In commercial production, achieving high-fidelity replication of high-detail miniatures requires mastering the technical kinetics of your RTV-2 liquid silicone. For production managers and studio owners facing high defect rates, this guide serves as a technical framework for selecting the optimal silicone specifically for making miniature molds.
We provide a clear protocol for auditing material viscosity, Shore hardness, and cure systems to completely eliminate trapped micro-bubbles and premature mold tearing when casting complex miniature geometries in your workshop.
Quick Answer: Balancing Undercut Flexibility with Mold Longevity
For high-fidelity miniature production, switching from low-tier retail kits to commercial-grade silicones requires balancing two opposing forces:
- The Physics Dilemma: You need a material soft enough to bend around fragile, thin sword tips or deep recessed facial sockets without snapping the cast resin during demolding.
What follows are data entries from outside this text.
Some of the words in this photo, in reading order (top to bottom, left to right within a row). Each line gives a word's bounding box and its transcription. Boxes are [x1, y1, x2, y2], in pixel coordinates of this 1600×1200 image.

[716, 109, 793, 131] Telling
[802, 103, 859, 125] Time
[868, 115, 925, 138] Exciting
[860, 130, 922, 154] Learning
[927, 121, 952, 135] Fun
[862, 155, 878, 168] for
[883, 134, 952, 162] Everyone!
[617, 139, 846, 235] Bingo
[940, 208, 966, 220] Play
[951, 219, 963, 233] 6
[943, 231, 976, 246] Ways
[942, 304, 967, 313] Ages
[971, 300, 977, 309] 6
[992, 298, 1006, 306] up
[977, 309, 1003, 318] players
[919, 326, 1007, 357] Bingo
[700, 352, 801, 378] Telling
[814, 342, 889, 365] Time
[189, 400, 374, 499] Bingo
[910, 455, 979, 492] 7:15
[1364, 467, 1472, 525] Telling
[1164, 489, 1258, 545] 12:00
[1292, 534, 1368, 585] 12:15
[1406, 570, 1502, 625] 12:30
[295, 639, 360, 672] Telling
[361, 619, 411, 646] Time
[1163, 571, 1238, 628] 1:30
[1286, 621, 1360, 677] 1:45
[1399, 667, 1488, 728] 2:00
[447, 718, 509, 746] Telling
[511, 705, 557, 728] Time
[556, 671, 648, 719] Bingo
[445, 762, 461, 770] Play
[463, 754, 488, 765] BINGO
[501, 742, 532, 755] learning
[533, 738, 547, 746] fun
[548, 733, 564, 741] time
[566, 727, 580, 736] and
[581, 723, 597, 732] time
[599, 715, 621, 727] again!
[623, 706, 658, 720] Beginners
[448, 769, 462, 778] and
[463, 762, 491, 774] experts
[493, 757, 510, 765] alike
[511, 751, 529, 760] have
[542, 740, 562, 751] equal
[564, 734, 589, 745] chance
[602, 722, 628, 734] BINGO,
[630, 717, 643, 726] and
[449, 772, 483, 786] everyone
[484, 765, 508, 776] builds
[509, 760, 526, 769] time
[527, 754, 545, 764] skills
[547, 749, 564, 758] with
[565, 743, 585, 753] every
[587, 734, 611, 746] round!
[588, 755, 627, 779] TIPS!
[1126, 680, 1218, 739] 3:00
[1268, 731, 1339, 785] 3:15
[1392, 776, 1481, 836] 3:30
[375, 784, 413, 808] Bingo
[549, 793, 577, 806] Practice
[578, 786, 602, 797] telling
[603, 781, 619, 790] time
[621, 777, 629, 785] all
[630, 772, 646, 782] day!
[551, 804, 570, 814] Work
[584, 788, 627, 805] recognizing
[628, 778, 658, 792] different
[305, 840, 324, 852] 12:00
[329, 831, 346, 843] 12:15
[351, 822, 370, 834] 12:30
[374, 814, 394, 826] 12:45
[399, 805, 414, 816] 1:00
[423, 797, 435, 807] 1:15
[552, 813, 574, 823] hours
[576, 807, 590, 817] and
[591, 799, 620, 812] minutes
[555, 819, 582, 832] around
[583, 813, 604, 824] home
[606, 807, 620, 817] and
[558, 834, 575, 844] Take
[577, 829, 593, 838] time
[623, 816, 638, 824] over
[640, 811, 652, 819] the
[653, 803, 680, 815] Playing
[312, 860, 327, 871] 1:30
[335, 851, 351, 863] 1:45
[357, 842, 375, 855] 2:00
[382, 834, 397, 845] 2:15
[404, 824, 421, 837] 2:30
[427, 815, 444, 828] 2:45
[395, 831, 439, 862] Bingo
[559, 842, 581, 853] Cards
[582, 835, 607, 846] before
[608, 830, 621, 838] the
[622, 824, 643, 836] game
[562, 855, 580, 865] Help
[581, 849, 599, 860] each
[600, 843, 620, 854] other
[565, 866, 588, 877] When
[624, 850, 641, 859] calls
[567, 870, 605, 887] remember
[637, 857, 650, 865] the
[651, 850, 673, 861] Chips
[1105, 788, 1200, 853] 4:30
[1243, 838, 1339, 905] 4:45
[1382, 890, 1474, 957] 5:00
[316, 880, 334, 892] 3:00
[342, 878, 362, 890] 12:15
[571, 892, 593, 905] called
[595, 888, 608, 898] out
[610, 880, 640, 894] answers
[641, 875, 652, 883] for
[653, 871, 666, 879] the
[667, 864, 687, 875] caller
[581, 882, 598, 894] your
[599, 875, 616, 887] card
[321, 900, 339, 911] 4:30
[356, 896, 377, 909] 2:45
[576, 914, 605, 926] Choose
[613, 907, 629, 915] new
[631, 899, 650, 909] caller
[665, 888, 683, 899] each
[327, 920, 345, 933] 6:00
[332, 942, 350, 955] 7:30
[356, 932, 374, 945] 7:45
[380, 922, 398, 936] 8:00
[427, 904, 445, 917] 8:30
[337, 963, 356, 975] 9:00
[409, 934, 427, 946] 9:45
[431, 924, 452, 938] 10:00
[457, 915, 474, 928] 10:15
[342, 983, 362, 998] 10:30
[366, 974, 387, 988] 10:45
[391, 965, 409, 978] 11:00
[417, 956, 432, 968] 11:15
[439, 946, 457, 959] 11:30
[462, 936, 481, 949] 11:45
However, it must remain rigid enough to resist collapsing under the massive weight of a heavy pouring cup or a pressurized casting pot.
- The Factory Recommendation: For standard 28 mm to 32 mm tabletop figures, specifying a platinum-cure (addition) silicone with a Shore A hardness of 20 to 25 combined with a low mixed viscosity (under 5,000 cP) is the universal industry baseline for bubble-free, high-repetition output.
Key Material Metrics for Miniature Tooling

To achieve a clean, professional-grade mold that delivers hundreds of identical resin pulls, your production team must audit four core mechanical baselines:
1. Mixed Viscosity (Fluidity Performance)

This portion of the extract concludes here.